>>>
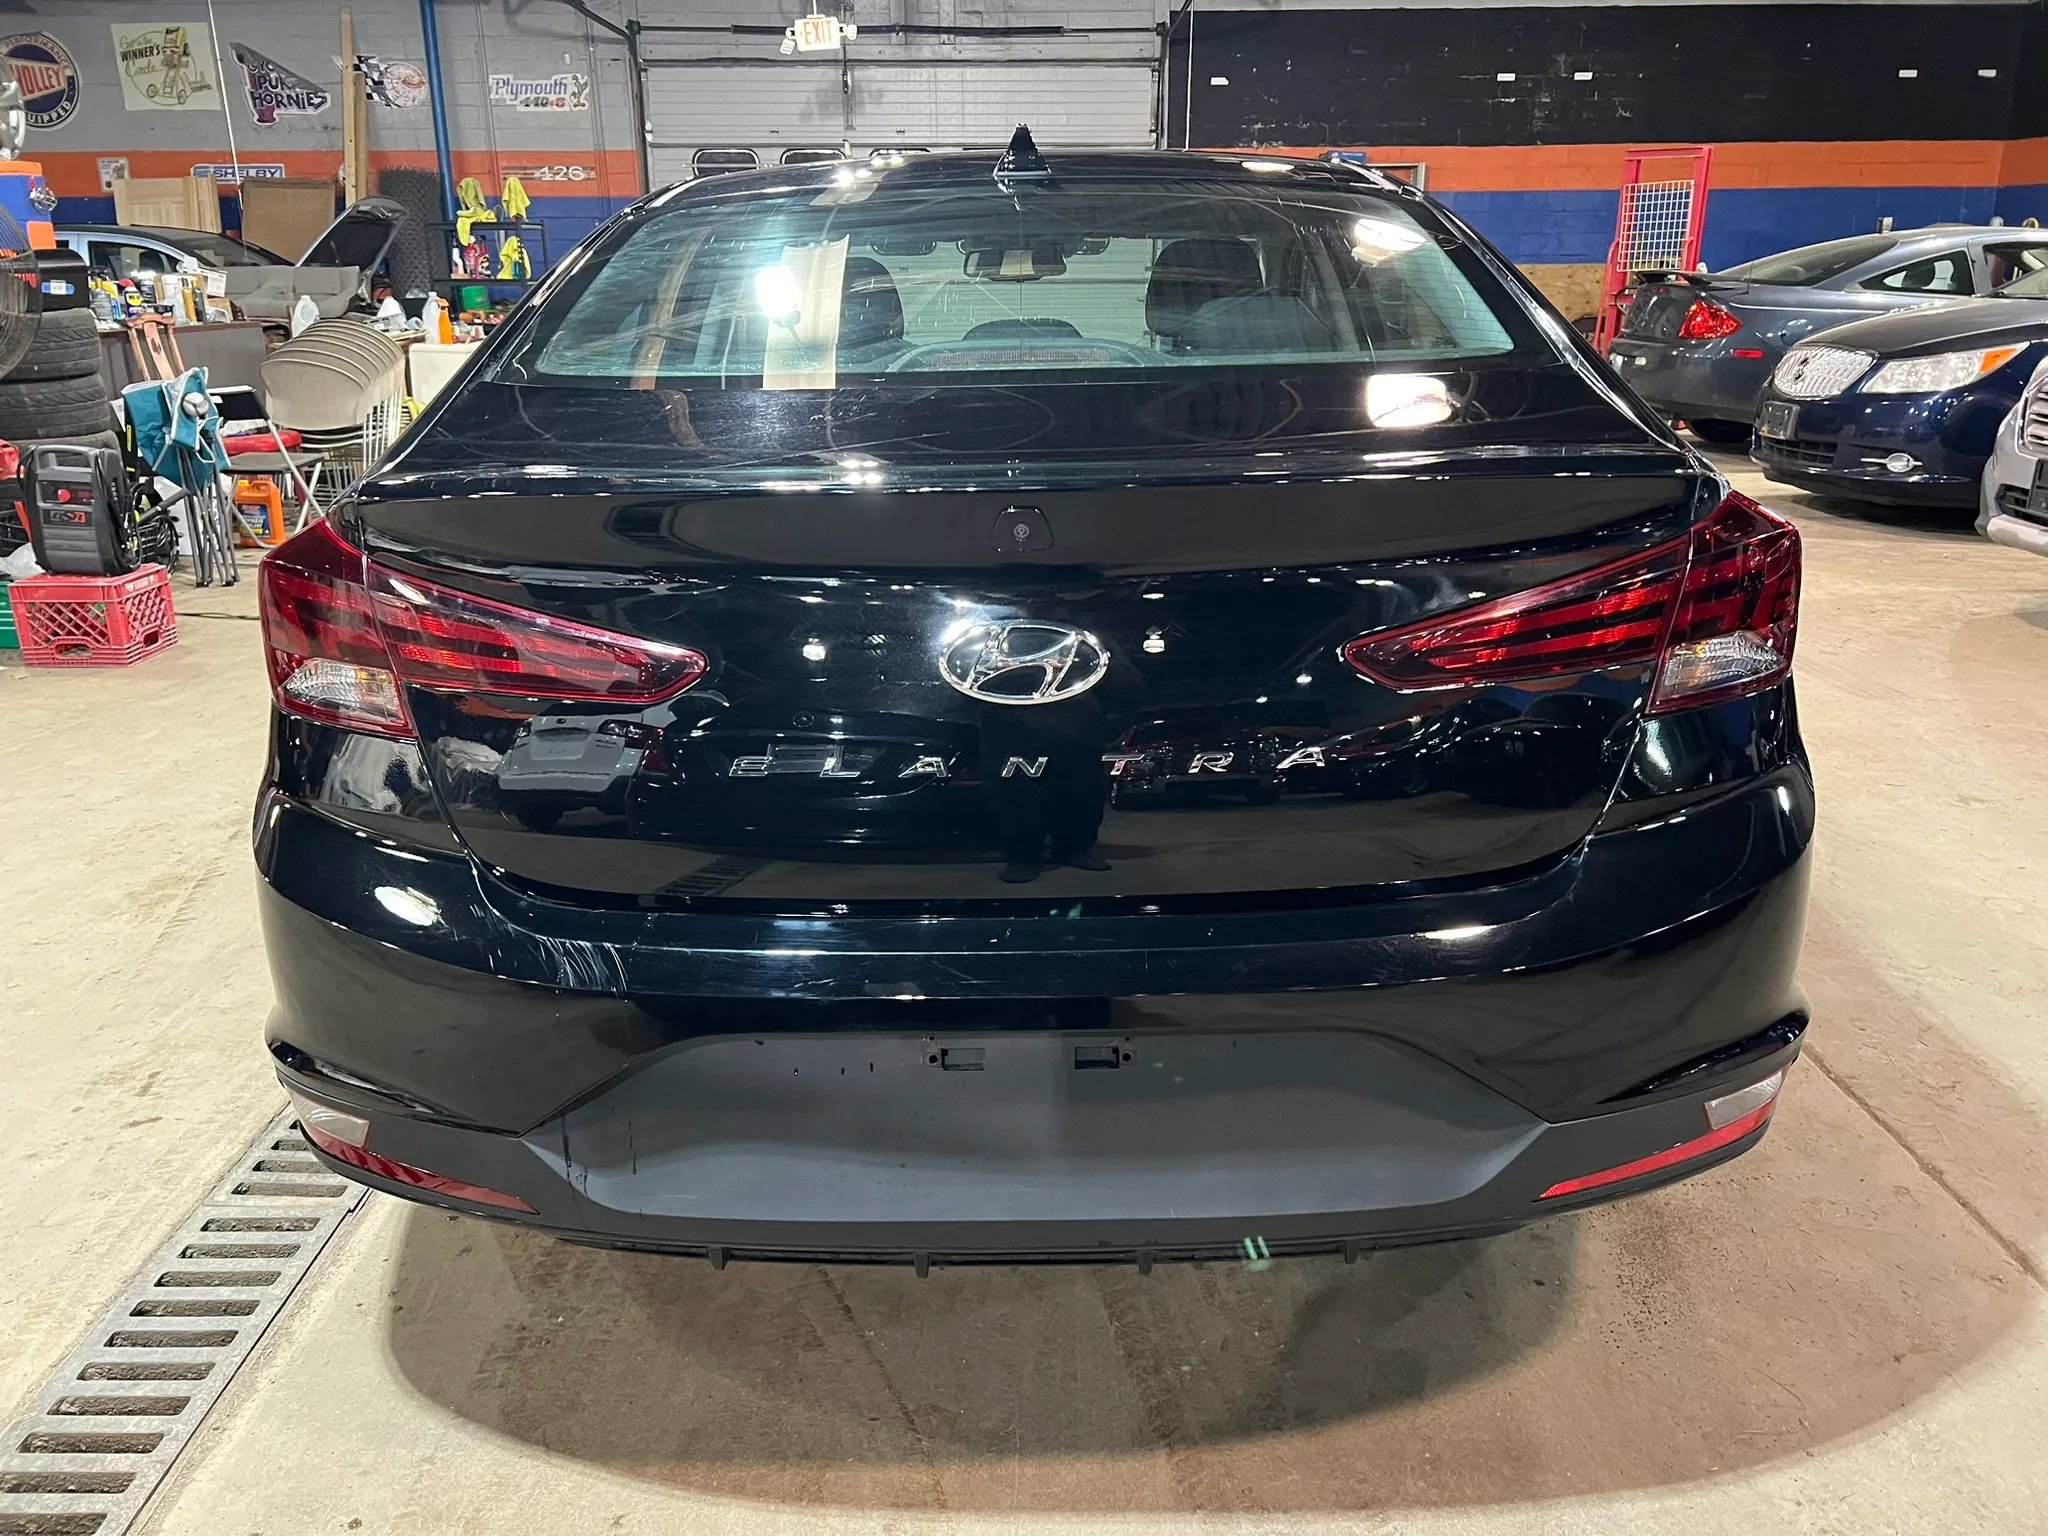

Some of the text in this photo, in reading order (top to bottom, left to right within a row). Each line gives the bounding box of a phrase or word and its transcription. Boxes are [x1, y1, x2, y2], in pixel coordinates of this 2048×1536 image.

[803, 20, 832, 45] EXIT
[120, 43, 160, 62] WINNER'S
[491, 78, 567, 101] Plymouth
[27, 100, 71, 124] UIPPED
[214, 167, 279, 178] SHELBY
[537, 165, 585, 181] 426
[729, 746, 1326, 778] ELANTRA
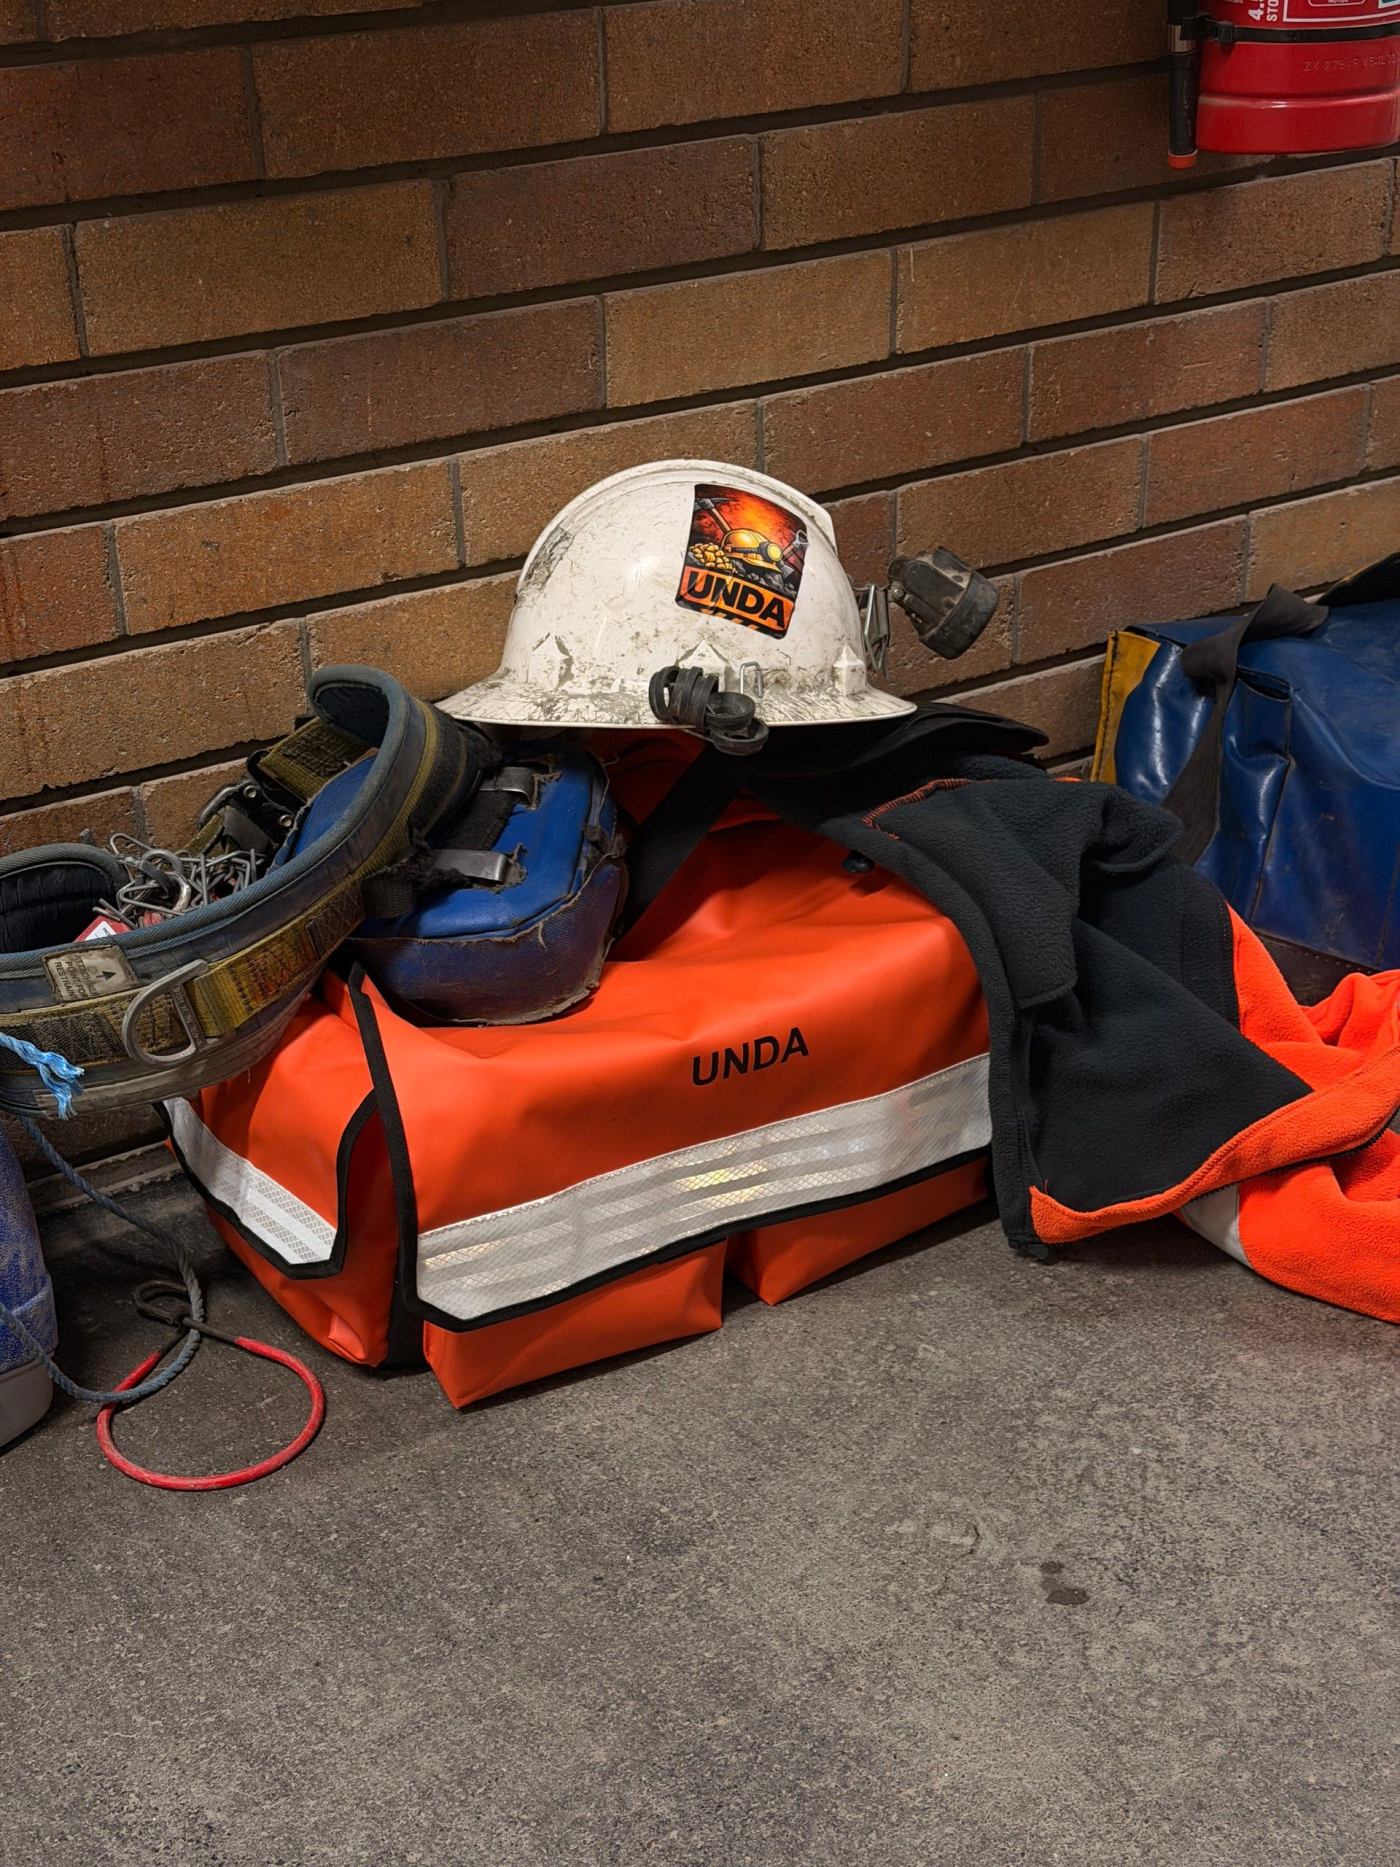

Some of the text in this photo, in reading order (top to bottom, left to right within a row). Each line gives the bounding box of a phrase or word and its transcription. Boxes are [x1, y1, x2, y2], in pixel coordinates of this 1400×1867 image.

[687, 571, 785, 628] UNDA
[55, 961, 78, 999] RESTRAINT
[692, 1027, 809, 1086] UNDA
<<<
EXERCISE DIRECTIONS:
Write the records out exactly once more, leaving off the pictures.

WRITTEN RESPONSE:
Some of the text in this photo, in reading order (top to bottom, left to right within a row). Each line gives the bounding box of a phrase or word and its transcription. Boxes are [x1, y1, x2, y2], in pixel coordinates of this 2048×1536 image.

[803, 20, 832, 45] EXIT
[120, 43, 160, 62] WINNER'S
[491, 78, 567, 101] Plymouth
[27, 100, 71, 124] UIPPED
[214, 167, 279, 178] SHELBY
[537, 165, 585, 181] 426
[729, 746, 1326, 778] ELANTRA

Some of the text in this photo, in reading order (top to bottom, left to right within a row). Each line gives the bounding box of a phrase or word and its transcription. Boxes are [x1, y1, x2, y2], in pixel coordinates of this 1400×1867 image.

[687, 571, 785, 628] UNDA
[55, 961, 78, 999] RESTRAINT
[692, 1027, 809, 1086] UNDA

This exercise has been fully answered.